Stored items:
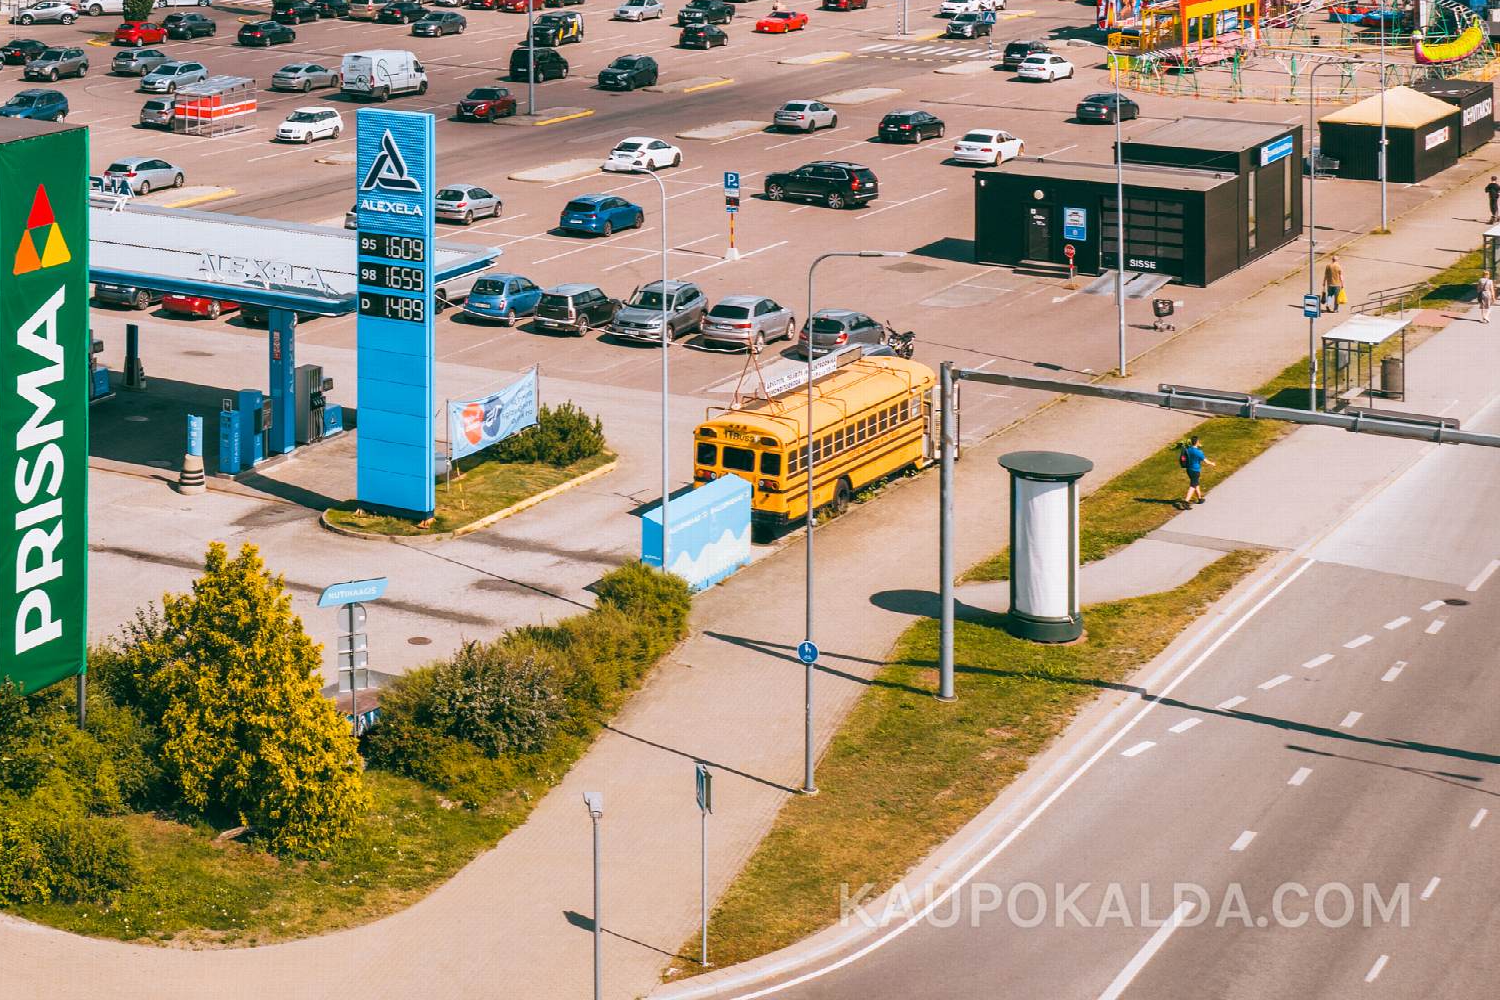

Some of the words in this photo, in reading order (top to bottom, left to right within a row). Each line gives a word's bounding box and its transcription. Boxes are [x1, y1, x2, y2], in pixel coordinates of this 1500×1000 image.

[361, 199, 424, 217] ALEXELA
[361, 238, 377, 250] 95
[385, 236, 424, 261] 1.609
[1129, 259, 1157, 269] SISSE
[361, 268, 377, 281] 98
[385, 266, 424, 291] 1.659
[361, 298, 371, 309] D
[385, 297, 424, 321] 1.489
[15, 285, 66, 656] PRISMA
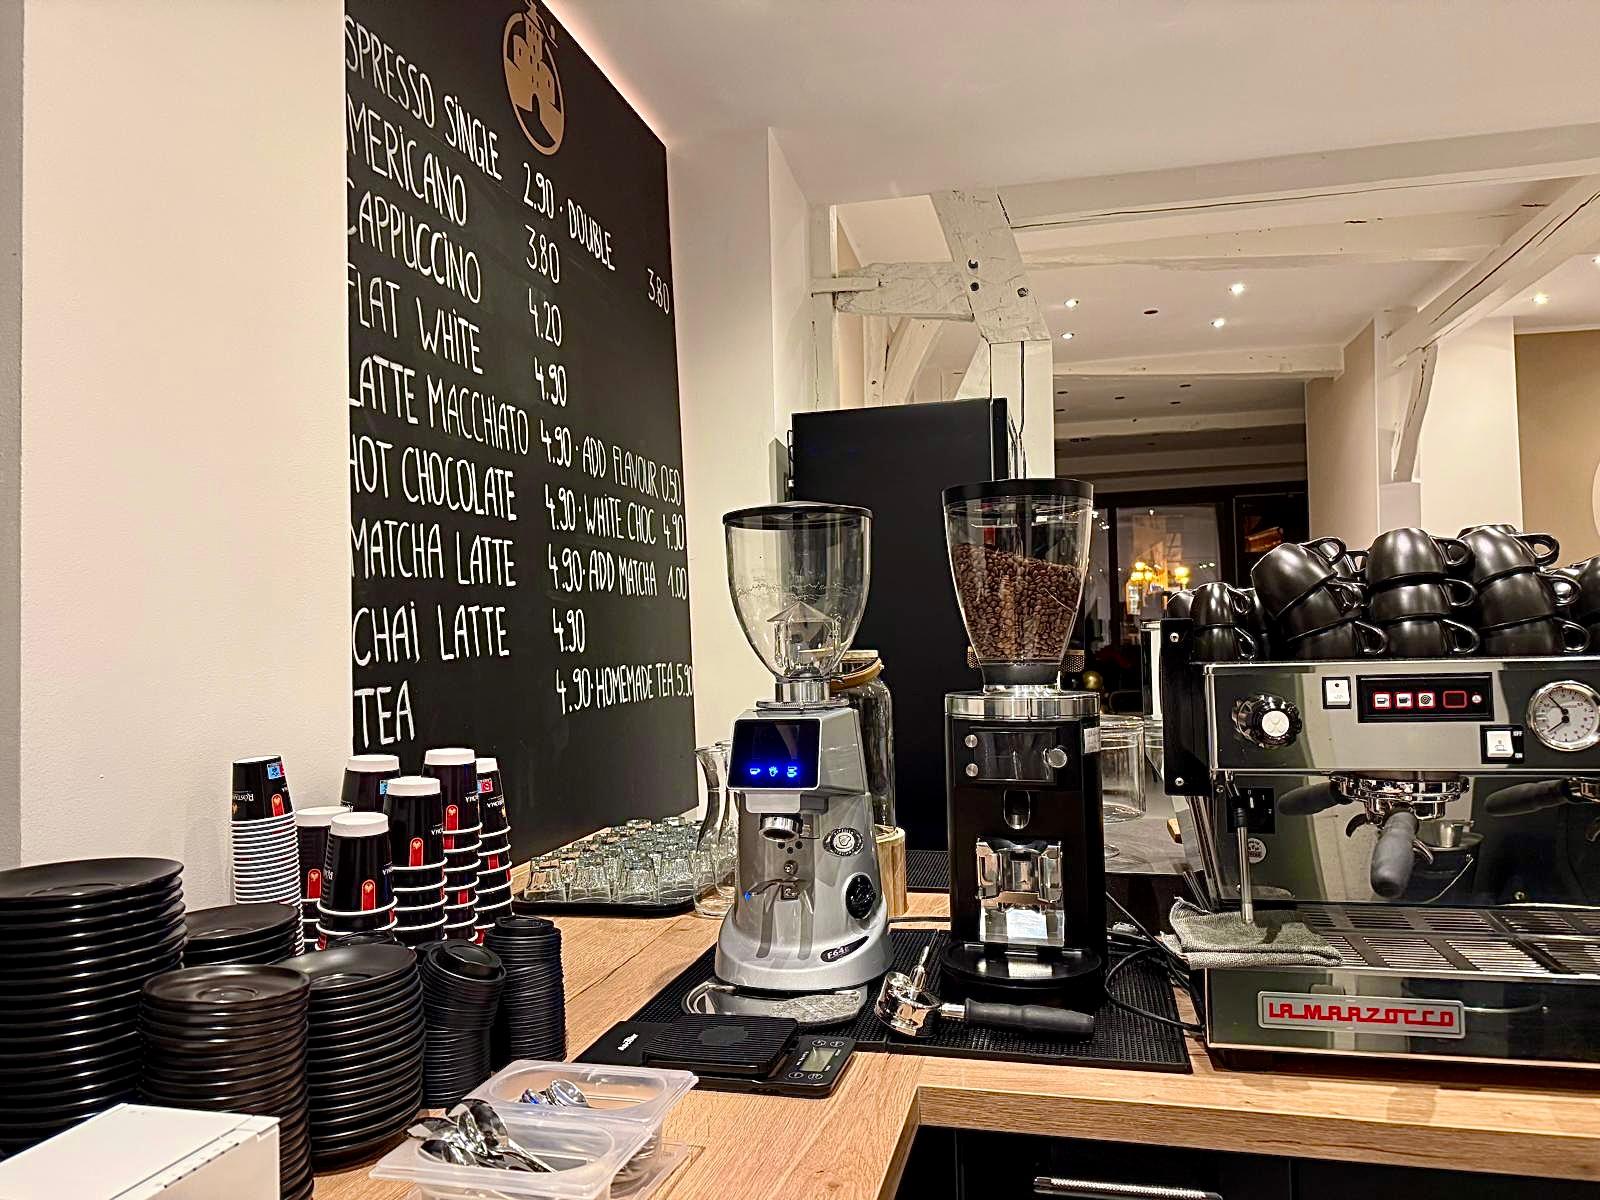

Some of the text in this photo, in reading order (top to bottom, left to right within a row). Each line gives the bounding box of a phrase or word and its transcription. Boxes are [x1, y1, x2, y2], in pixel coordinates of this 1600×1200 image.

[344, 14, 435, 129] SPRESSO
[523, 162, 555, 219] 2.90
[567, 198, 616, 271] DOUBLE
[647, 268, 670, 315] 3.80
[346, 93, 560, 284] MERiCANO 3.80
[528, 287, 562, 347] 4.20
[534, 356, 567, 408] 4.90
[401, 446, 517, 521] CHOCOLATE
[544, 484, 576, 531] 4.90
[627, 502, 657, 545] CHOC
[662, 513, 684, 552] 4.90
[540, 419, 572, 468] 4.90
[582, 435, 607, 479] ADD
[612, 445, 659, 500] FLAVOUR
[660, 464, 682, 507] 0.50
[350, 518, 687, 600] MATCHA LATTE 4.90 ADD MATCHA 1.00
[437, 604, 510, 661] LATTE
[552, 608, 586, 653] 4.90
[354, 661, 693, 749] TEA 4.90 HOMEMADE TEA 5.90
[1269, 1002, 1454, 1027] LA MARZOCCO
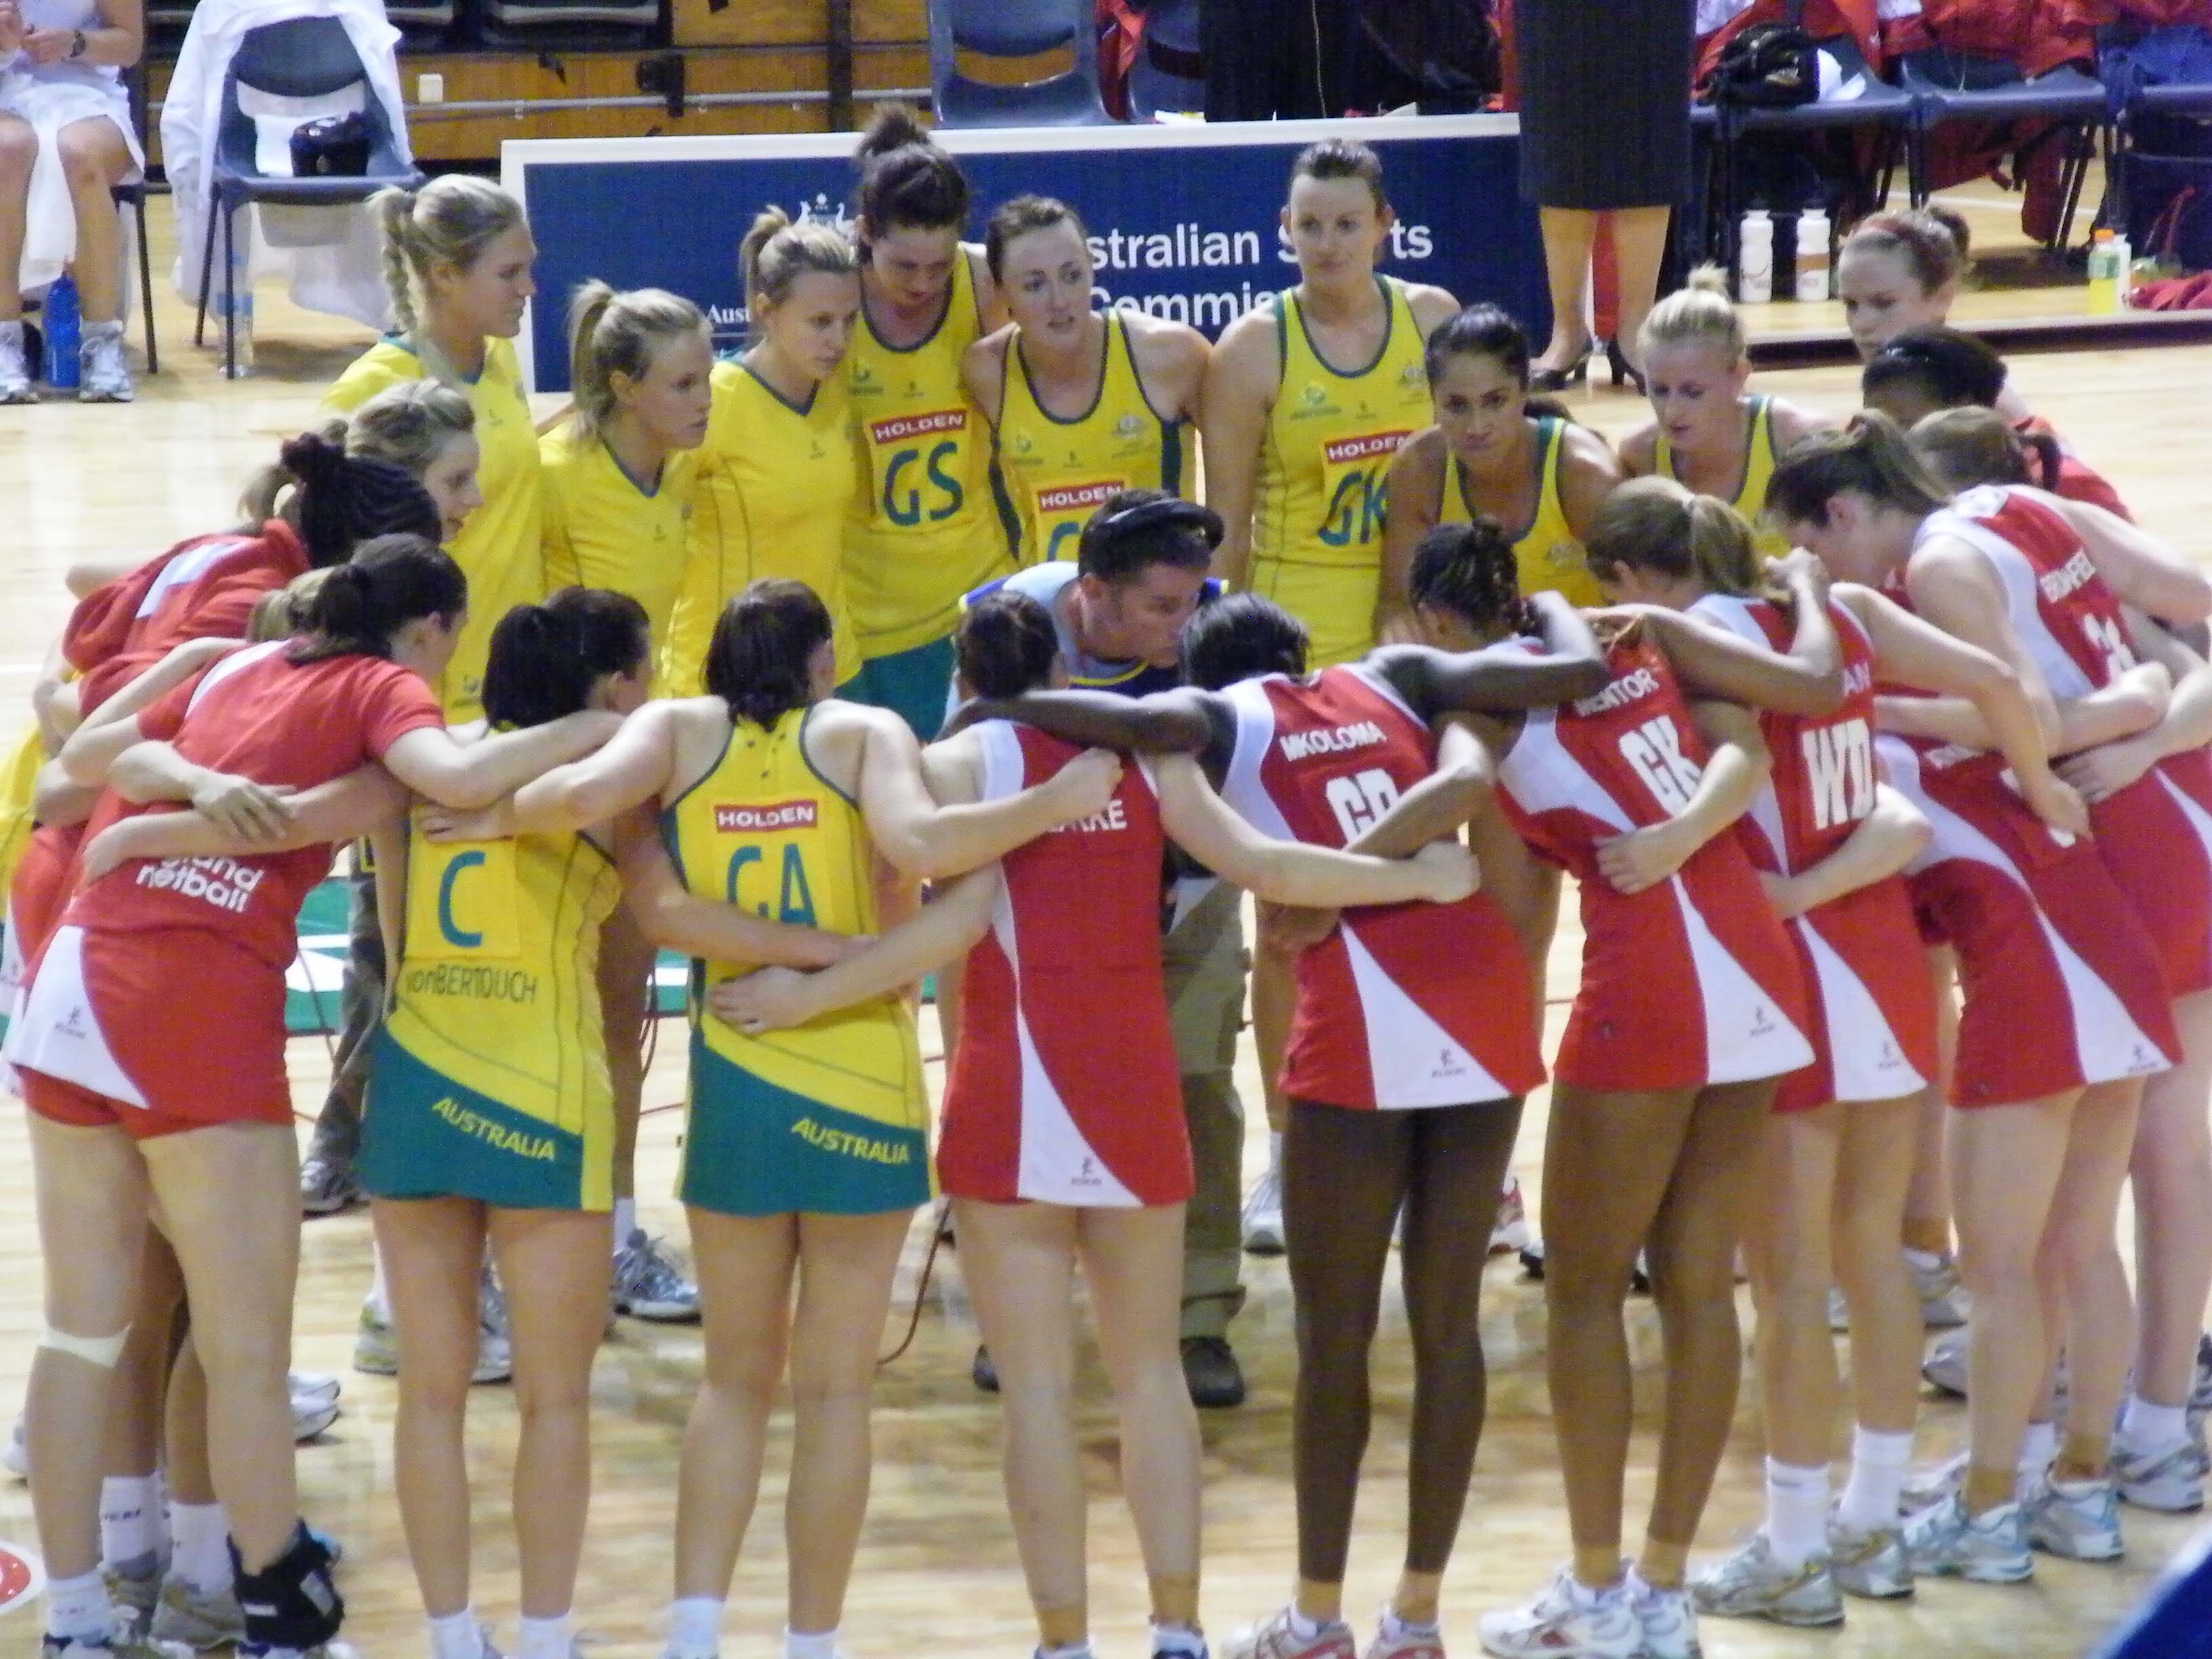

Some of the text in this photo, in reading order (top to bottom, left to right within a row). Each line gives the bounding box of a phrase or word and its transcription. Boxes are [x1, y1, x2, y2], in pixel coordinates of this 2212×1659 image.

[1084, 222, 1259, 270] stralian
[876, 414, 962, 440] HOLDEN
[883, 441, 964, 526] GS
[1801, 716, 1877, 831] WD
[718, 806, 814, 827] HOLDEN
[437, 850, 485, 947] C
[432, 1097, 554, 1162] AUSTRALIA
[791, 1118, 909, 1164] AUSTRALIA

Work item: Apart from the pictures, repeat the data above exactly.

Solution for this problem:
Some of the words in this photo, in reading order (top to bottom, left to right within a row). Each line gives a word's bounding box and its transcription. Boxes are [x1, y1, x2, y2], in pixel coordinates of this 1500×1000 image.

[361, 199, 424, 217] ALEXELA
[361, 238, 377, 250] 95
[385, 236, 424, 261] 1.609
[1129, 259, 1157, 269] SISSE
[361, 268, 377, 281] 98
[385, 266, 424, 291] 1.659
[361, 298, 371, 309] D
[385, 297, 424, 321] 1.489
[15, 285, 66, 656] PRISMA

Some of the text in this photo, in reading order (top to bottom, left to right within a row). Each line gives the bounding box of a phrase or word and its transcription. Boxes are [x1, y1, x2, y2], in pixel coordinates of this 1600×1200 image.

[344, 14, 435, 129] SPRESSO
[523, 162, 555, 219] 2.90
[567, 198, 616, 271] DOUBLE
[647, 268, 670, 315] 3.80
[346, 93, 560, 284] MERiCANO 3.80
[528, 287, 562, 347] 4.20
[534, 356, 567, 408] 4.90
[401, 446, 517, 521] CHOCOLATE
[544, 484, 576, 531] 4.90
[627, 502, 657, 545] CHOC
[662, 513, 684, 552] 4.90
[540, 419, 572, 468] 4.90
[582, 435, 607, 479] ADD
[612, 445, 659, 500] FLAVOUR
[660, 464, 682, 507] 0.50
[350, 518, 687, 600] MATCHA LATTE 4.90 ADD MATCHA 1.00
[437, 604, 510, 661] LATTE
[552, 608, 586, 653] 4.90
[354, 661, 693, 749] TEA 4.90 HOMEMADE TEA 5.90
[1269, 1002, 1454, 1027] LA MARZOCCO

Some of the text in this photo, in reading order (top to bottom, left to right within a row). Each line gives the bounding box of a phrase or word and its transcription. Boxes are [x1, y1, x2, y2], in pixel coordinates of this 2212×1659 image.

[1084, 222, 1259, 270] stralian
[876, 414, 962, 440] HOLDEN
[883, 441, 964, 526] GS
[1801, 716, 1877, 831] WD
[718, 806, 814, 827] HOLDEN
[437, 850, 485, 947] C
[432, 1097, 554, 1162] AUSTRALIA
[791, 1118, 909, 1164] AUSTRALIA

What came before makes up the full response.